Development of the heating demand
For the development of the regional heating demand, three scenarios are formed, which describe different ambition levels and heating network situations and are based on the “KNDE2045”. This achieves climate neutrality in 2045 in public supply through an annual building renovation rate of 1.6%, 6 million installed heat pumps, and strong expansion of heating grids. These framework parameters correspond to the medium FfE scenario, which depicts a “centralized heat supply”. Accordingly, another scenario is formed with a lower (“trend”) and one with a higher ambition level (“decentralized”). The latter, for example, envisages a renovation rate of up to 2%. The regionalization of these national scenarios is done taking into account the regional district heating potential. For reasons of space, the industrial scenarios are not discussed in detail here.
Regionalization
For the regionalization of the updated heat sales of the public supply, the difference between heating demand and expansion target of the scenario is first calculated for each support year. This difference represents the necessary national heating network expansion. The regionalization of the expansion is then performed using the district heating potential raster described above. Finally, the resulting regional heating grid feed-in per energy source can be calculated (see Figure 5).

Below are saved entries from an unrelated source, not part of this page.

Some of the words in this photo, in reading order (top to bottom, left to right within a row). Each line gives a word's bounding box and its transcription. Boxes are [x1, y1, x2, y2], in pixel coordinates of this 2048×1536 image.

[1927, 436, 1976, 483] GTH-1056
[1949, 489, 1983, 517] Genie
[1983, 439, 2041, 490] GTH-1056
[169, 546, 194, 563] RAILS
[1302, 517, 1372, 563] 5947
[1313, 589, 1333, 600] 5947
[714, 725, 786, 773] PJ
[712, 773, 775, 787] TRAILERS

The spatial resolution of the status quo and the development of local heat supply consequently allows detailed statements to be made about how the sector targets can be achieved not only nationally, but specifically locally. For example, the analysis shows that an expansion of the heating grid in Flensburg is not possible because the full district heating potential here has already been tapped. In Hamburg, on the other hand, the heating grid is undergoing a major transformation. The declining feed-in from hard coal will initially be replaced by natural gas and, in the long term, by large-scale heat pumps, geothermal energy and hydrogen. Another advantage of the high geographic resolution is the integration of special conditions such as the local suitability for geothermal energy.